Task to complete: All of the listing is to be written out word for word, with the pictures left out.

Input data below:

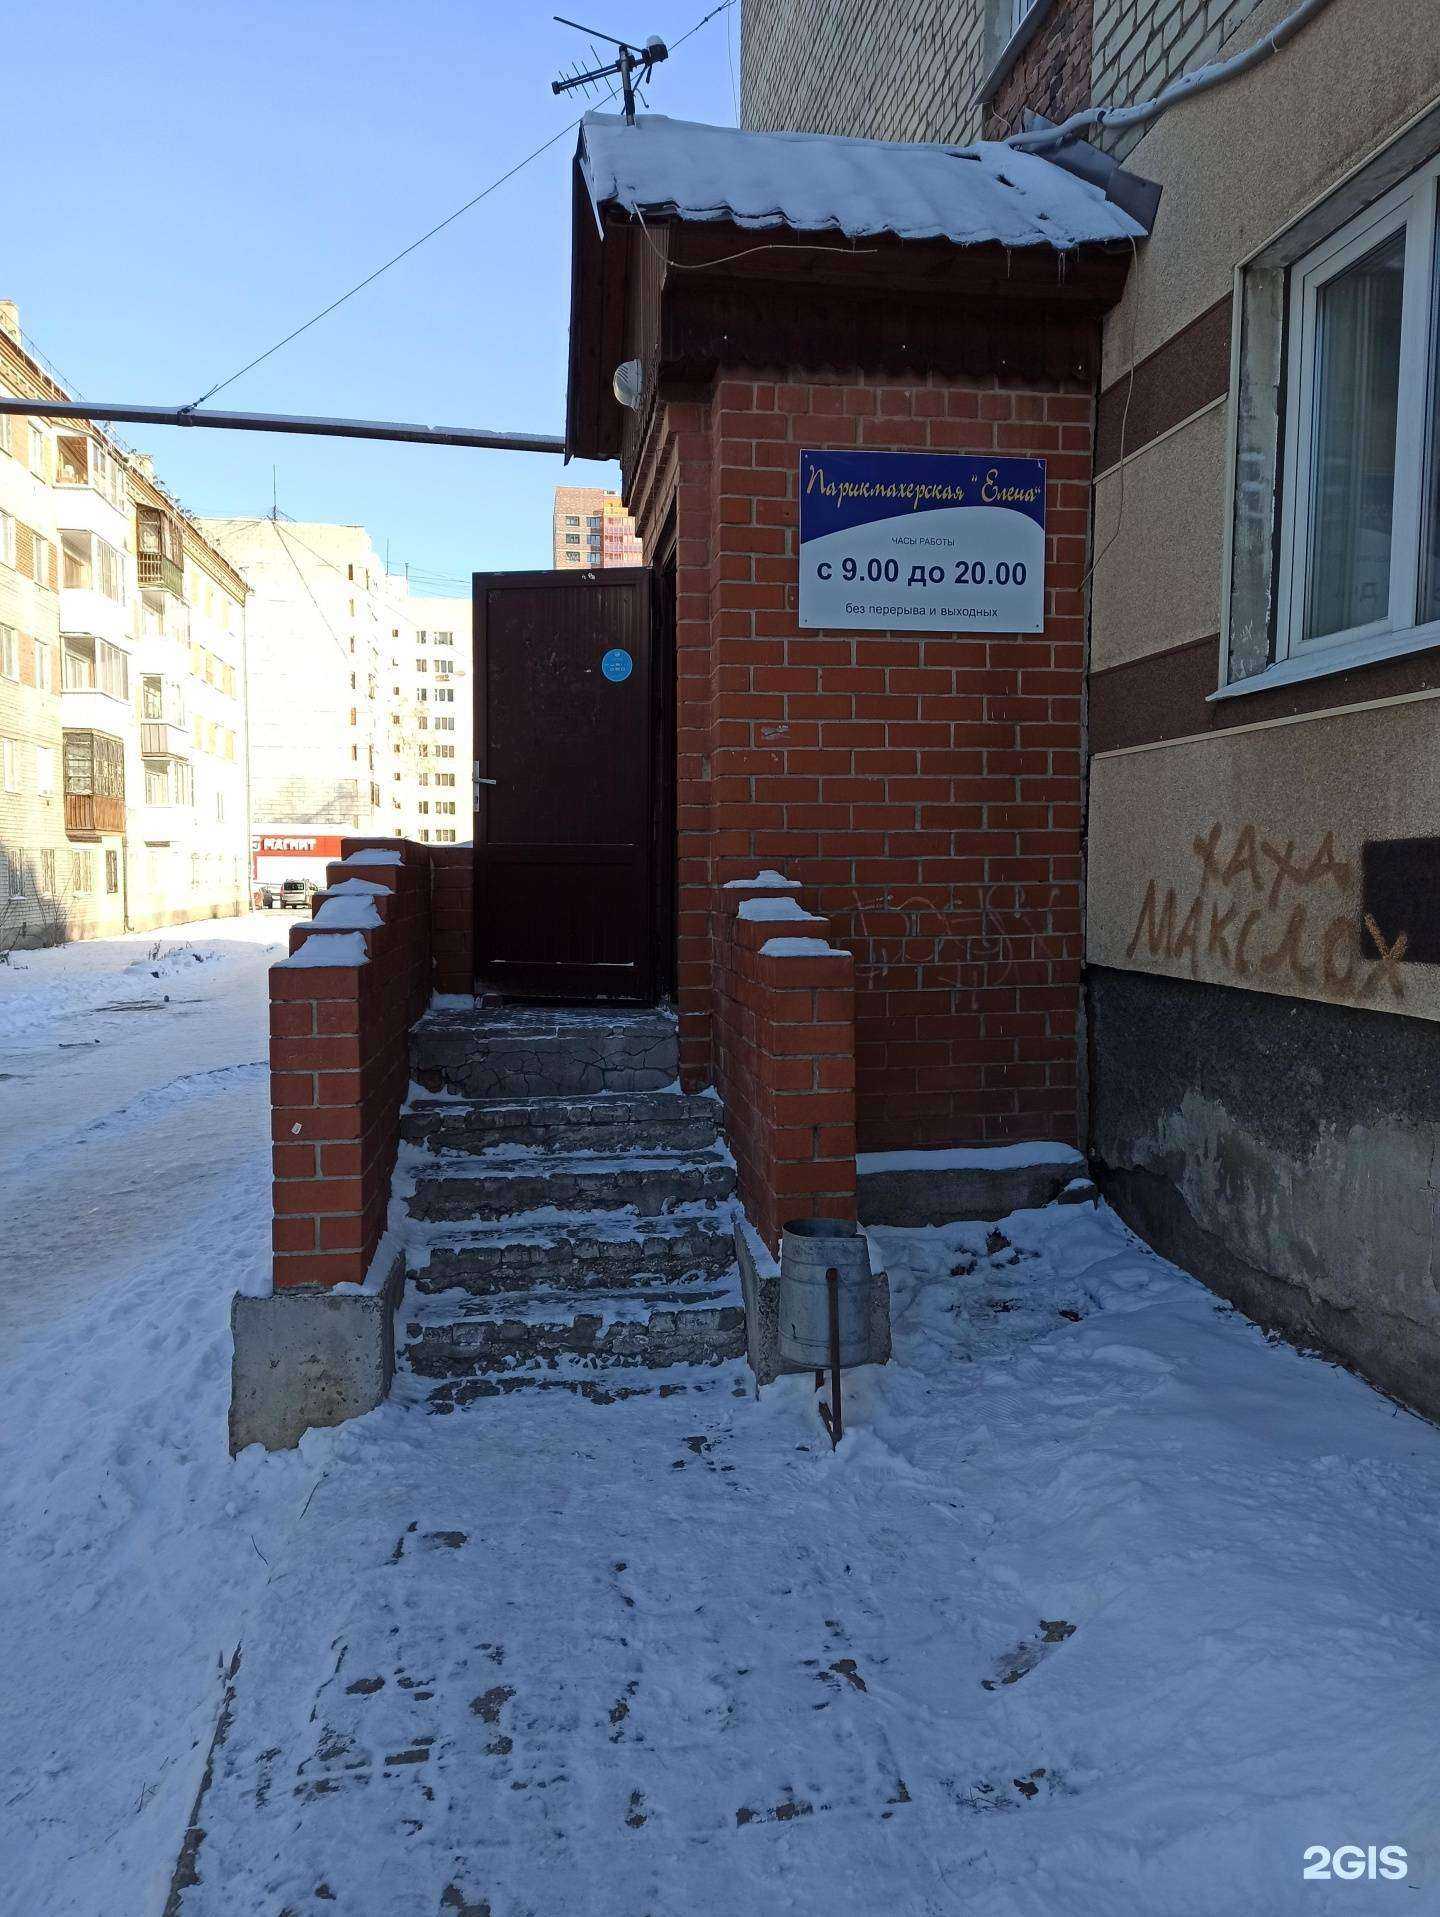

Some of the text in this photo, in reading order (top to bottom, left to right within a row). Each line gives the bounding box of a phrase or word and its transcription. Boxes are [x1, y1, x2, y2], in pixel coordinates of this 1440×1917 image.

[806, 464, 965, 509] Парикмахерская
[891, 537, 955, 547] ЧАСЫ РАБОТЫ
[816, 557, 1027, 587] с 9.00 до 20.00
[845, 602, 998, 619] без перерыва и выходных

End of Input data.

Answer area:
Some of the text in this photo, in reading order (top to bottom, left to right within a row). Each line gives the bounding box of a phrase or word and its transcription. Boxes are [x1, y1, x2, y2], in pixel coordinates of this 1440×1917 image.

[806, 464, 965, 509] Парикмахерская
[891, 537, 955, 547] ЧАСЫ РАБОТЫ
[816, 557, 1027, 587] с 9.00 до 20.00
[845, 602, 998, 619] без перерыва и выходных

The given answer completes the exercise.